During her formative years in the ’90s, Gabriela Lena Frank didn’t know of “any other composers or piano soloists who looked like her.” Three decades later, not much has changed.
“I am a disabled woman of color who is middle-aged,” said Frank, 48, a California native of Peruvian, Chinese and Lithuanian descent, who was born partially deaf and later, due to Graves’ disease (an immune system disorder), lost most of her sight in her right eye.’
“There should be many more middle-aged women of color writing music," said Frank in a recent interview with the San Diego Union- Tribune. "The last few years have given me the opportunity to hang in there and not let the many doors that were closed to me be daunting — and to see the many more doors that are now open.”
Frank’s works have appeared on CSO MusicNOW programs in recent years, and in December, the Chicago Symphony Orchestra will perform the world premiere (and CSO commission) of her Haillí-Serenata. Also on the Dec. 9-11 program, conducted by Andrés Orozco-Estrada, will be Dvořák’s Violin Concerto, with CSO Artist-in-Residence Hilary Hahn as soloist, and Tchaikovsky’s Symphony No. 5.

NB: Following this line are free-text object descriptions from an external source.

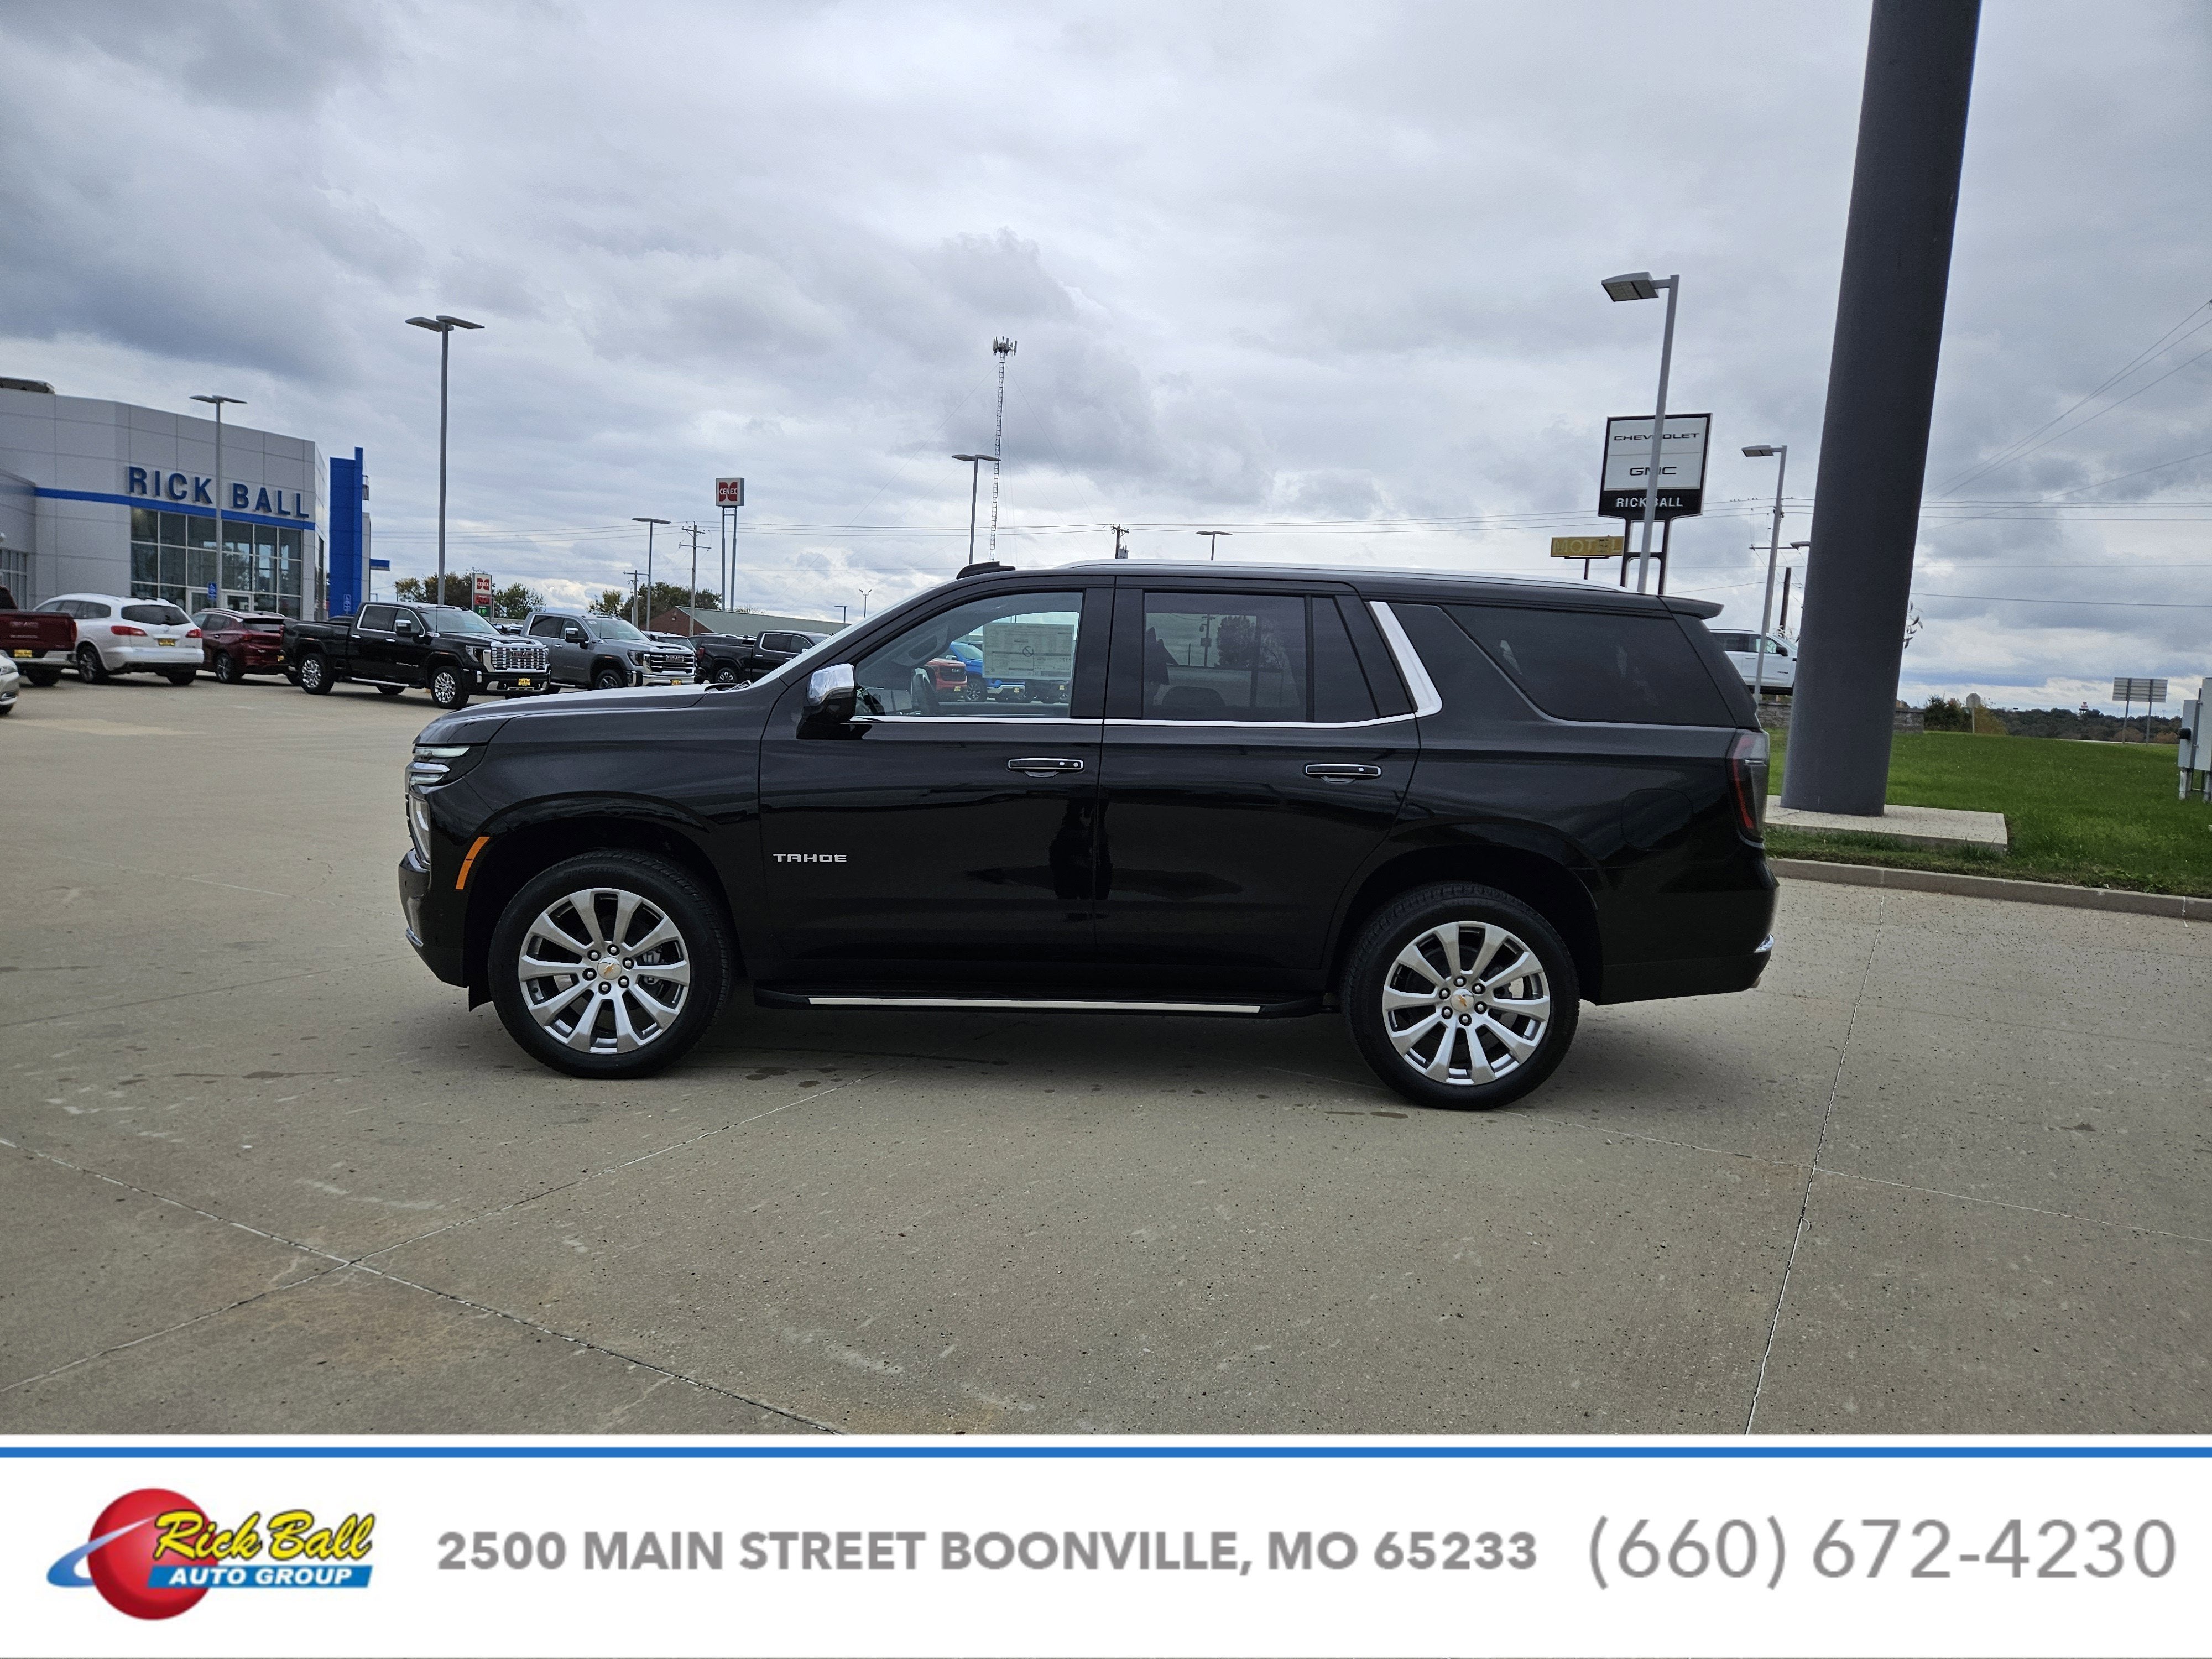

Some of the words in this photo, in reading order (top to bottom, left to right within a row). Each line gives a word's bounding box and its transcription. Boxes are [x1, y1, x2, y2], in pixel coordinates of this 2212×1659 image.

[129, 466, 213, 504] RICK
[231, 483, 310, 518] BALL
[1616, 498, 1647, 508] RICK
[1553, 539, 1622, 553] MOTEL
[773, 854, 847, 863] TAHOE
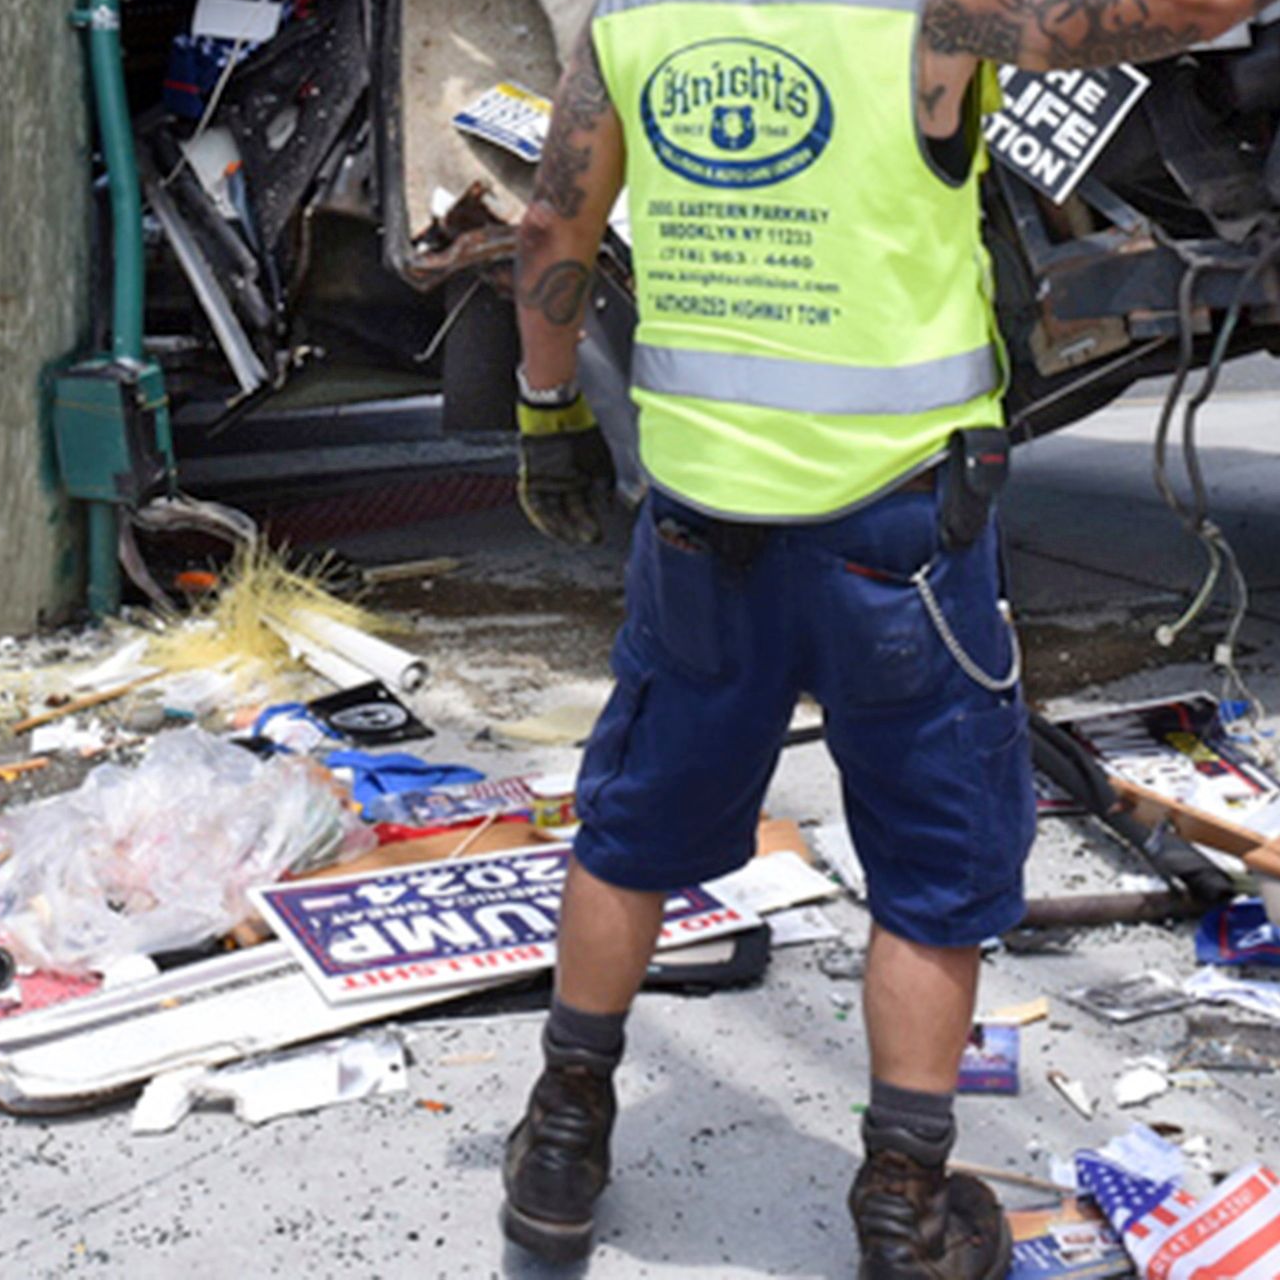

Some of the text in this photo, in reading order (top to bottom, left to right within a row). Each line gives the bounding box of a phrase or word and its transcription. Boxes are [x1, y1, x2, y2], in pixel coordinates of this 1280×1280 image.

[660, 55, 809, 119] Knight's
[980, 110, 1067, 187] TION
[660, 222, 813, 246] BROOKLYN NY 11233
[678, 200, 748, 219] EASTERN
[752, 204, 830, 223] PARKWAY
[660, 247, 704, 263] (718)
[355, 855, 568, 906] 2024
[341, 945, 545, 991] BULLSHIT
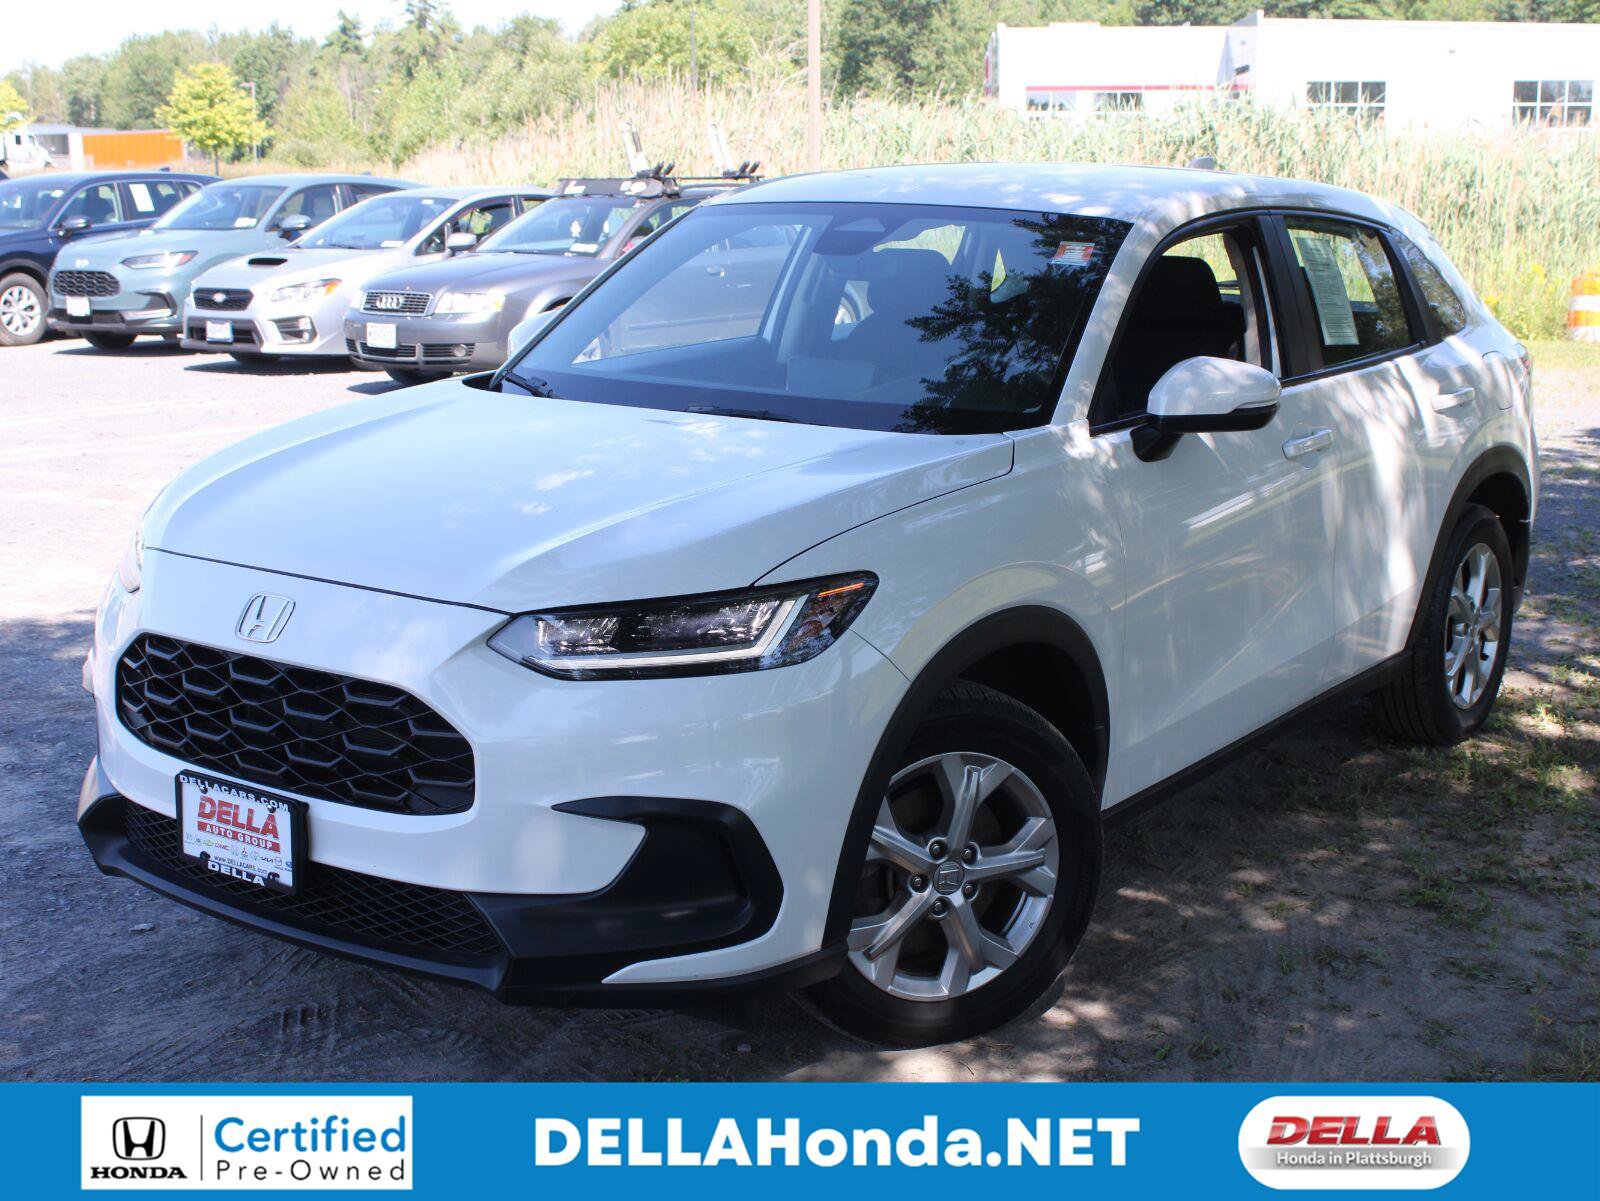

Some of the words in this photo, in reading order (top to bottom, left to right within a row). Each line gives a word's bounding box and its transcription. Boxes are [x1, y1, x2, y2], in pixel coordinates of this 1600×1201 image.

[179, 774, 290, 813] DELLACARS.COM
[197, 795, 280, 839] DELLA
[205, 824, 233, 838] AUTO
[237, 831, 274, 849] GROUP
[207, 860, 266, 887] DELLA
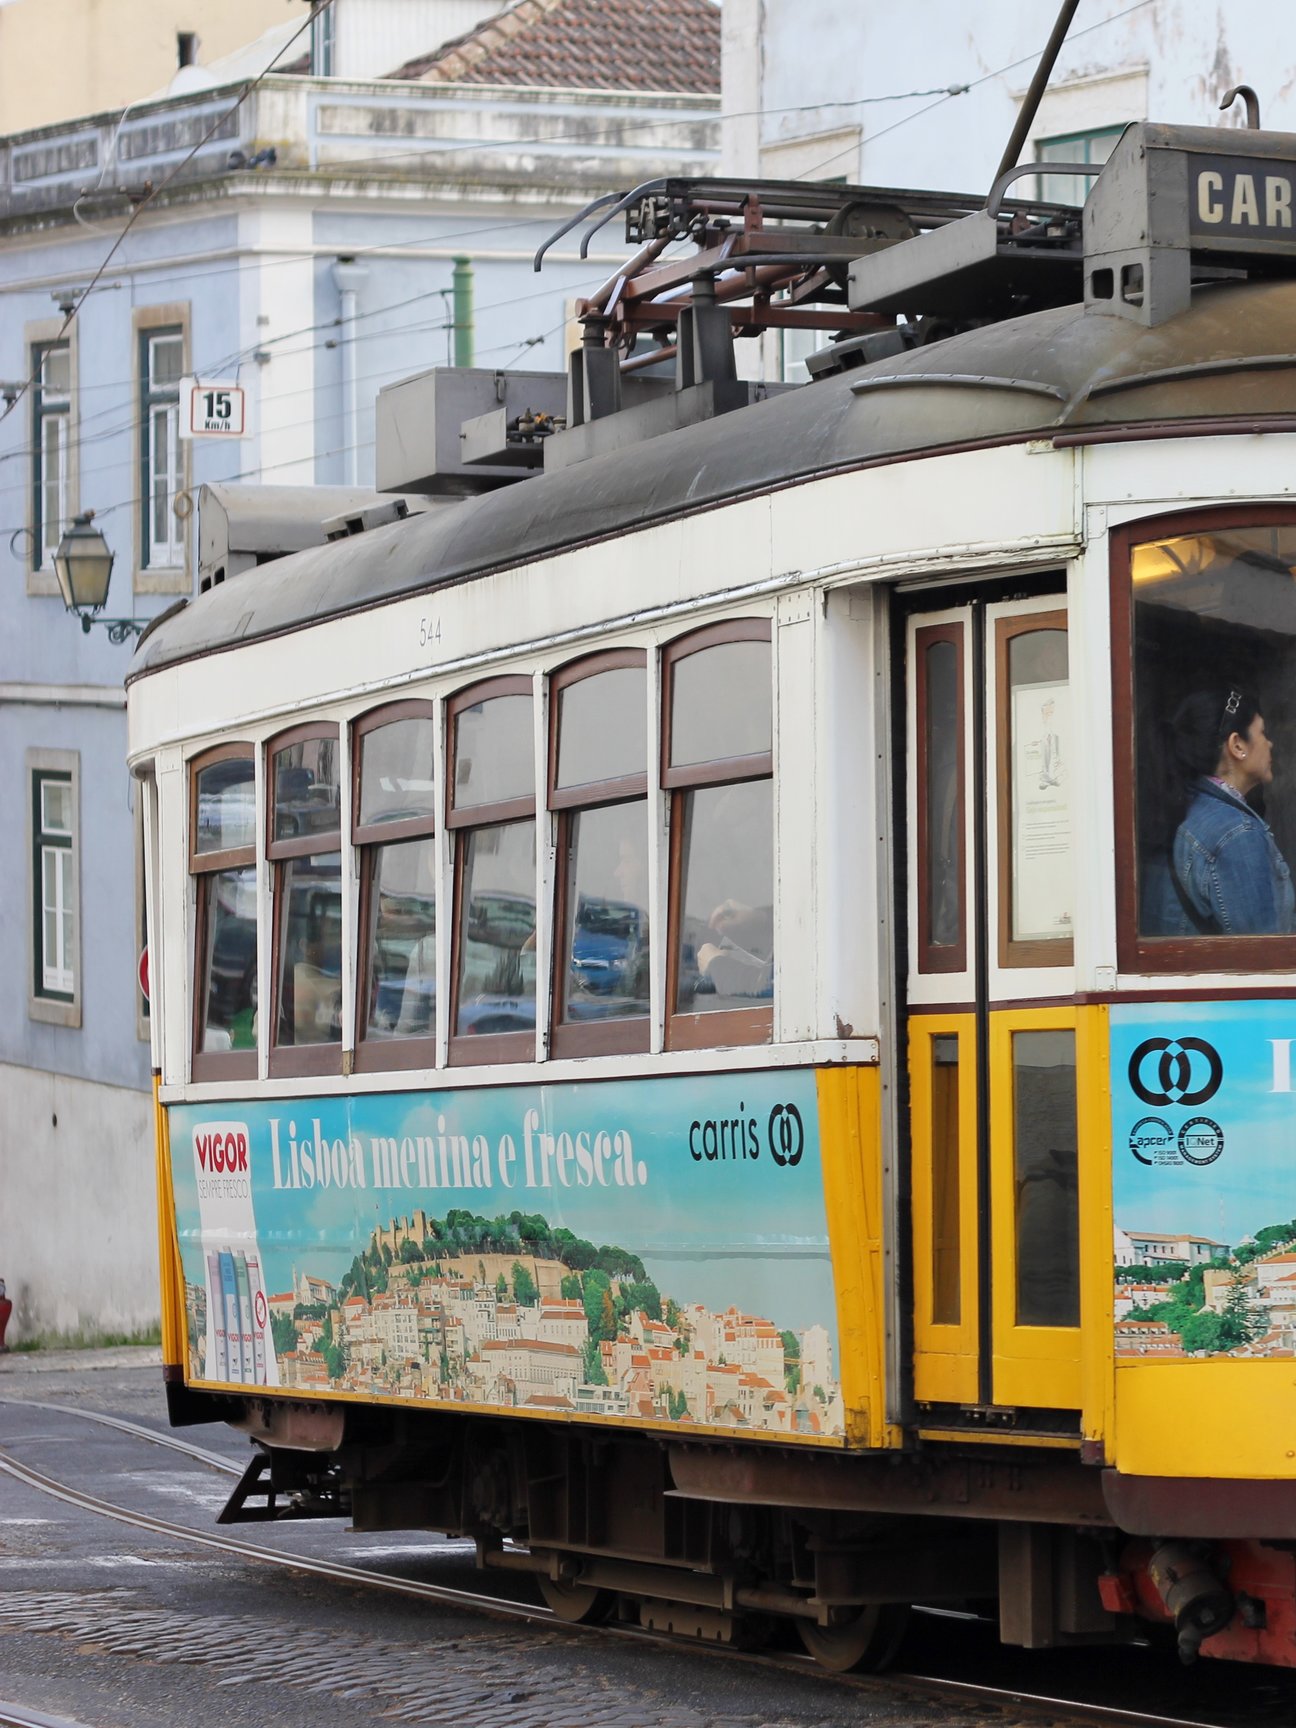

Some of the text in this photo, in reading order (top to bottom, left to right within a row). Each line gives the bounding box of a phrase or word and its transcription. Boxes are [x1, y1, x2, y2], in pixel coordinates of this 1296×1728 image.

Inspired by the works of Bela Bartók and Alberto Ginastera, Frank has been dubbed “a musical anthropologist.” Her compositions often reflect and refract her studies of Latin American folklore, “incorporating poetry, mythology and native musical styles into a Western classical framework that is uniquely her own.”
Frank likes to quote a Bartók aphorism: “Folk melodies are the embodiment of an artistic perfection of the highest order; in fact, they are models of the way in which a musical idea can be expressed with utmost perfection in terms of brevity of form and simplicity of means.”
She views those words like “a call to arms, this goal of using simple means to convey something that is authentic from the people,” she said. "It takes a great deal of skill to elevate its authenticity, and that was the goal Bartók set up for himself.”